Research led by Gregory Berns, director of Emory University’s Center for Neuropolicy, performed the first brain-imaging study of dogs responding to biological odors. The study involved 12 dogs of various breeds that had all undergone training to hold perfectly still while undergoing an fMRI scan.
While the dogs were being scanned, researchers presented the subjects with five different scents that had been collected on sterile gauze pads that morning and sealed in Mylar envelopes. The scent samples came from the subject itself, a dog the subject had never met, a dog that lived in the subject’s household, a human the dog had never met, and a human that lived in the subject’s household.
The team found that all five scents elicited a similar response in parts of the dogs’ brains involved in detecting smells. However, the caudate responses were significantly stronger for the scents of familiar humans, followed by that of familiar dogs.

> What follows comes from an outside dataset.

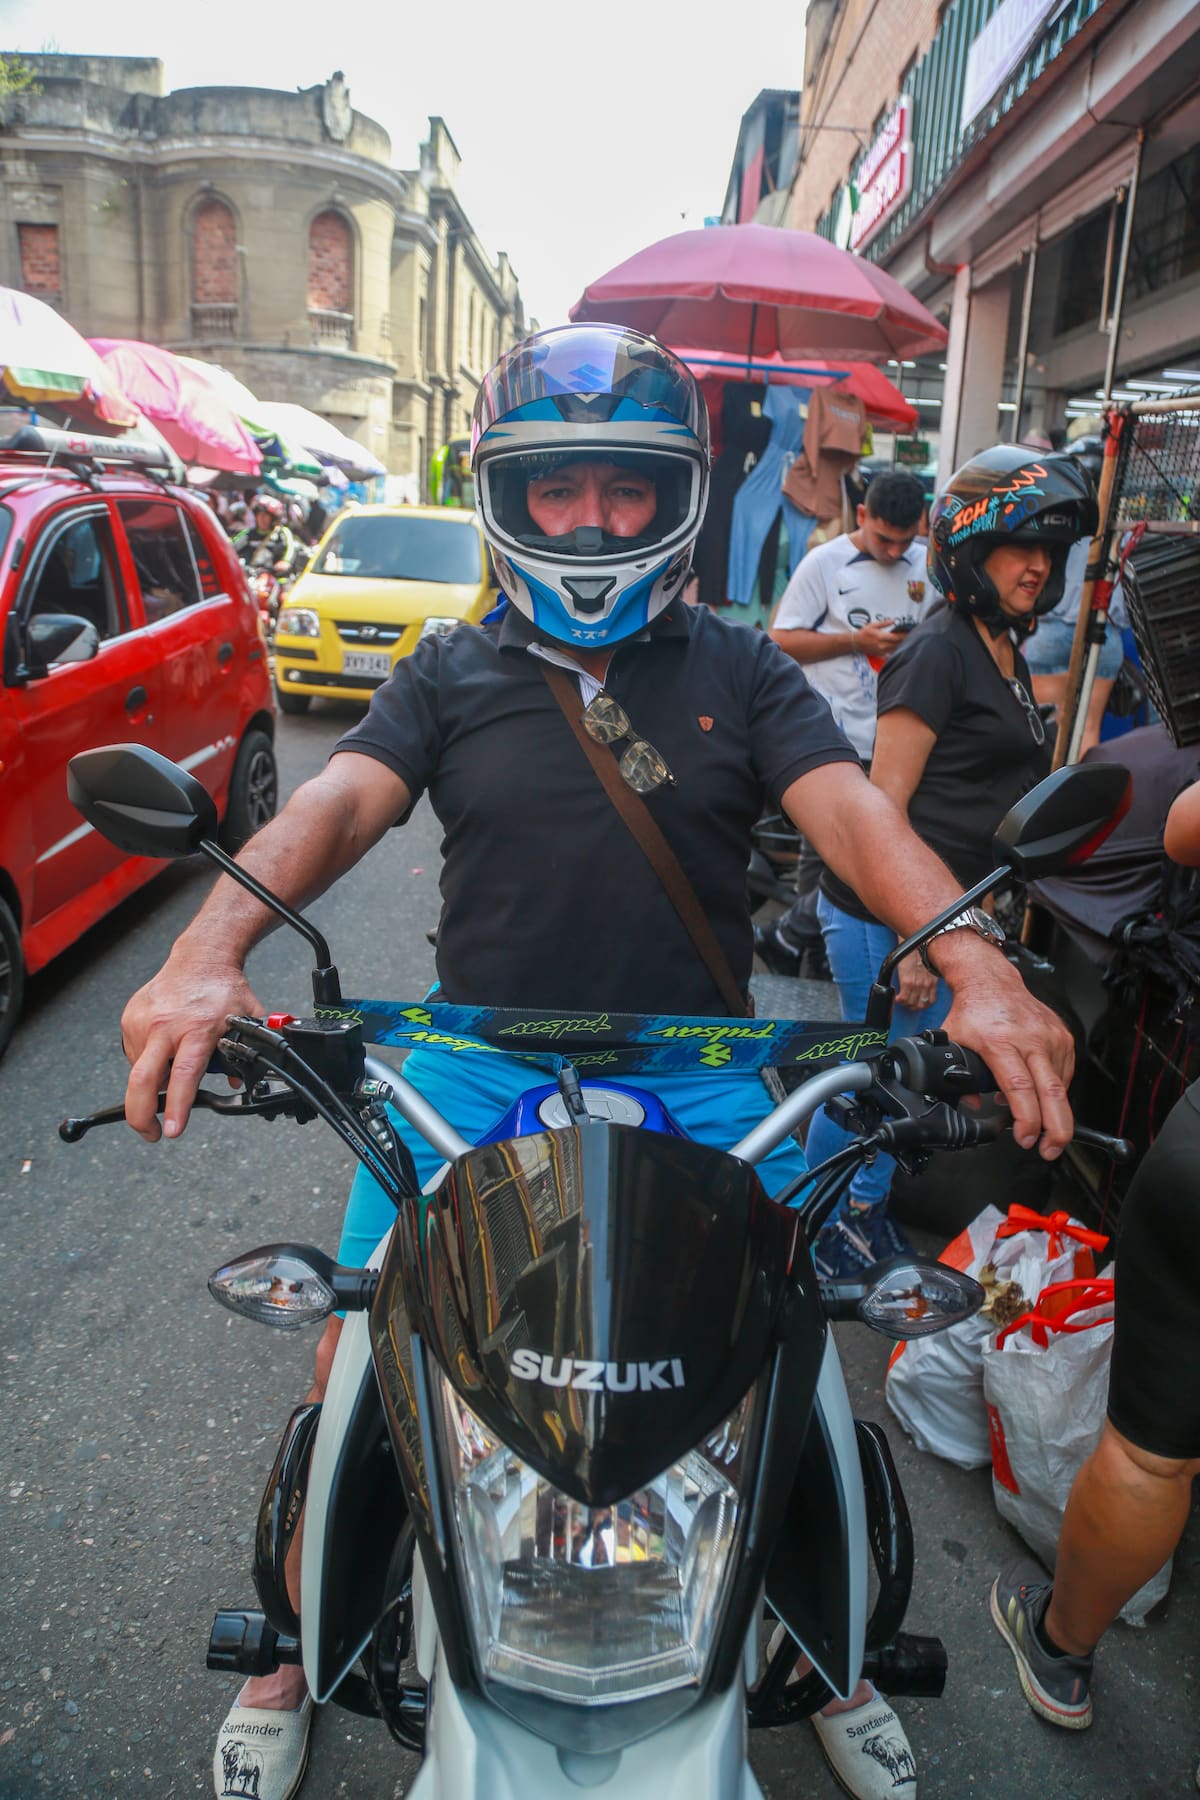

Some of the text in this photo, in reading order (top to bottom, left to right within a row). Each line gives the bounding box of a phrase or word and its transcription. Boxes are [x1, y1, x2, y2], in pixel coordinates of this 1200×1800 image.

“The stronger caudate activation suggested that not only did the dogs discriminate the familiar human scent from the others, they had a positive association with it,” Berns said in a statement. “While we might expect that dogs should be highly tuned to the smell of other dogs, it seems that the ‘reward response’ is reserved for their humans. Whether this is based on food, play, innate genetic predisposition or something else remains an area for future investigation.”
The researchers also found that dogs in the study that had received training as service or therapy dogs showed greater caudate activation for the scent of a familiar human compared with the other dogs.
“It’s one thing when you come home and your dog sees you and jumps on you and licks you and knows that good things are about to happen,” Berns says. “In our experiment, however, the scent donors were not physically present. That means the canine brain responses were being triggered by something distant in space and time. It shows that dogs’ brains have these mental representations of us that persist when we’re not there.”
He said the team is planning to do future research to determine whether they can use brain-imaging techniques to better identify dogs that are optimal to serve as companion animals for the disabled.
“In addition to serving as companion animals for wounded veterans, dogs play many important roles in military operations,” Berns says. “By understanding how dogs’ brains work, we hope to find better methods to select and train them for these roles.”